Rishit, a three-month-old infant, was born again when Dr V Mohan Reddy, a pediatric cardiothoracic surgeon, operated on his heart at the Asian Heart Institute, Bandra.
His father, Prem Das (38), an executive in an automobile company in Muscat, and his mother Sarita (33) couldn’t believe their fortune.
Rishit was only one of the 28 cases Dr Reddy took up on his annual trip to the country.
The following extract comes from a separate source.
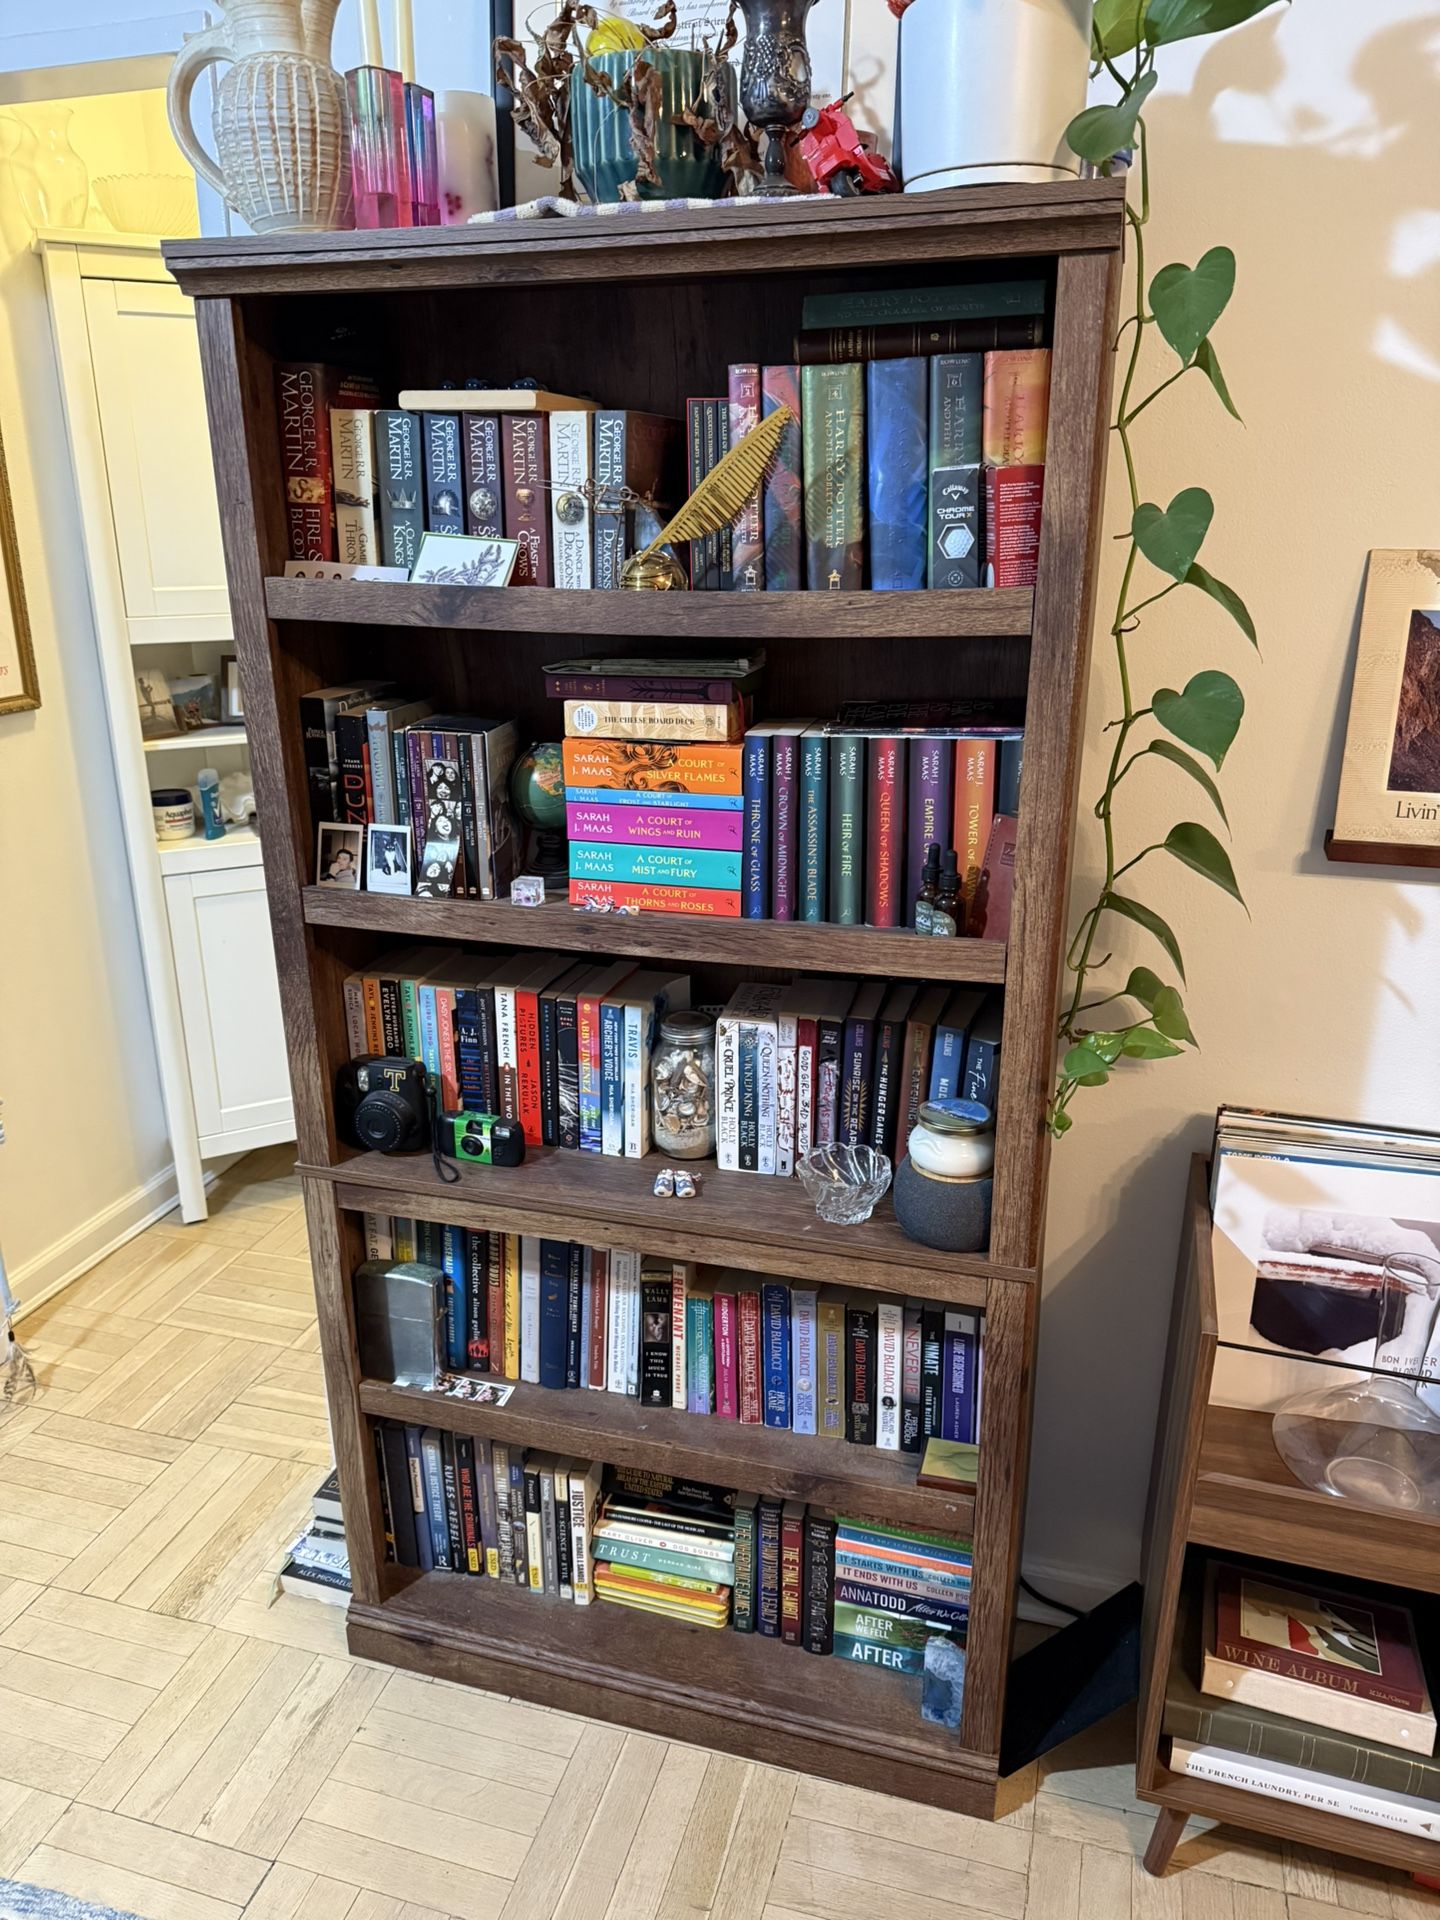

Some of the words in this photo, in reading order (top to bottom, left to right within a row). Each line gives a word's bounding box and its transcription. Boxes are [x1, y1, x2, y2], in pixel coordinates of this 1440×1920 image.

Dr Reddy, Chief of Pediatric Cardiothoracic Surgery, Lucile Packard Hospital, Stanford University was in the city along with his team last week to take up complicated open-heart surgeries.
Rishit was suffering from total anomalous pulmonary venous return (TAPVR), a congenital heart disease.
In simple terms, blood simply circulates to and from the lungs but not to the body. "Therefore, we have connected his veins to his left atrium," said Dr Reddy.
Renowned for taking up rare and challenging open-heart surgeries, Dr Reddy created history in 2005 by conducting an open-heart surgery involving an arterial switch on a three-week-old premature baby weighing 700 gm.
Surgeons called it ‘miraculous’ as the heart was about the ‘size of a grape and the tissues were like pieces of paper’.
The youngest infant he has operated on was two hours old and the smallest, about 640 gm.
Born in Andhra Pradesh, this surgeon believes Indian doctors have the expertise and infrastructure to match developed nations. "I think technology has largely reduced the risk attached to operating infants both in India and abroad. But here, only about 5 to 10 per cent of congenital heart problems among infants are diagnosed," he said.
Every year, Dr Reddy gets together a team of physicians through Stanford's international medical association to perform surgeries in various cities across India.
They also bring along the latest equipment — this year, it was a portable ventilator about the size of a laptop.